Omit the pictures, and output the rest of the entries exactly as written.

Stored dataset items:

********

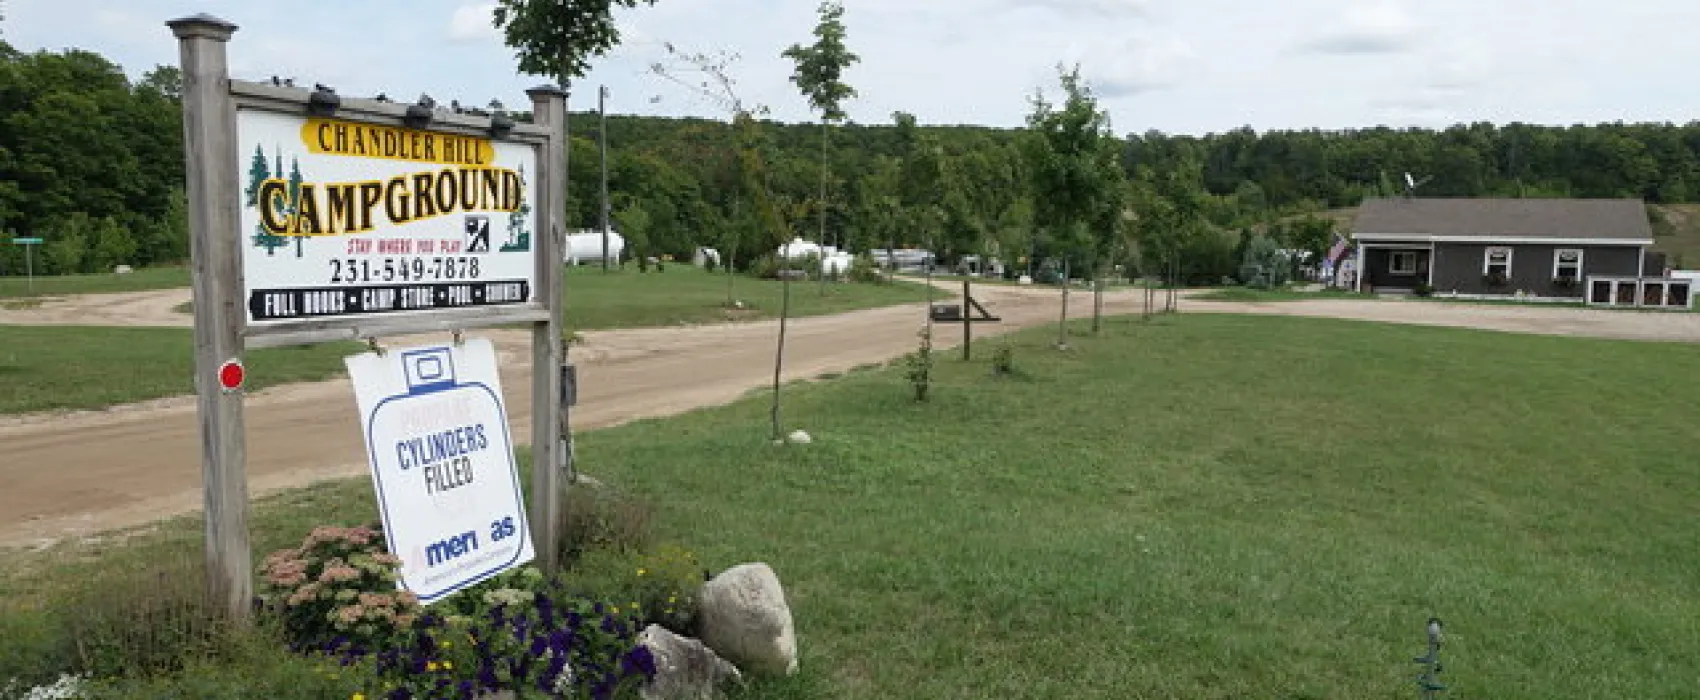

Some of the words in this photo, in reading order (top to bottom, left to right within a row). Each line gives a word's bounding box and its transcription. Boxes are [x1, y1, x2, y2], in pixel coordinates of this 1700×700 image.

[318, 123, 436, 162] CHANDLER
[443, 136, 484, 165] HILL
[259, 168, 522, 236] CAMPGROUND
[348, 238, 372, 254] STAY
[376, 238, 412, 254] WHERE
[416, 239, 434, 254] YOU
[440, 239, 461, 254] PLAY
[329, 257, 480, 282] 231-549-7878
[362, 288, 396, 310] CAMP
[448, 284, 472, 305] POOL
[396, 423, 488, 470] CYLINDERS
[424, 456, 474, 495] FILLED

********

> [Solution to this exercise]:
Some of the words in this photo, in reading order (top to bottom, left to right within a row). Each line gives a word's bounding box and its transcription. Boxes are [x1, y1, x2, y2], in pixel coordinates of this 1700×700 image.

[318, 123, 436, 162] CHANDLER
[443, 136, 484, 165] HILL
[259, 168, 522, 236] CAMPGROUND
[348, 238, 372, 254] STAY
[376, 238, 412, 254] WHERE
[416, 239, 434, 254] YOU
[440, 239, 461, 254] PLAY
[329, 257, 480, 282] 231-549-7878
[362, 288, 396, 310] CAMP
[448, 284, 472, 305] POOL
[396, 423, 488, 470] CYLINDERS
[424, 456, 474, 495] FILLED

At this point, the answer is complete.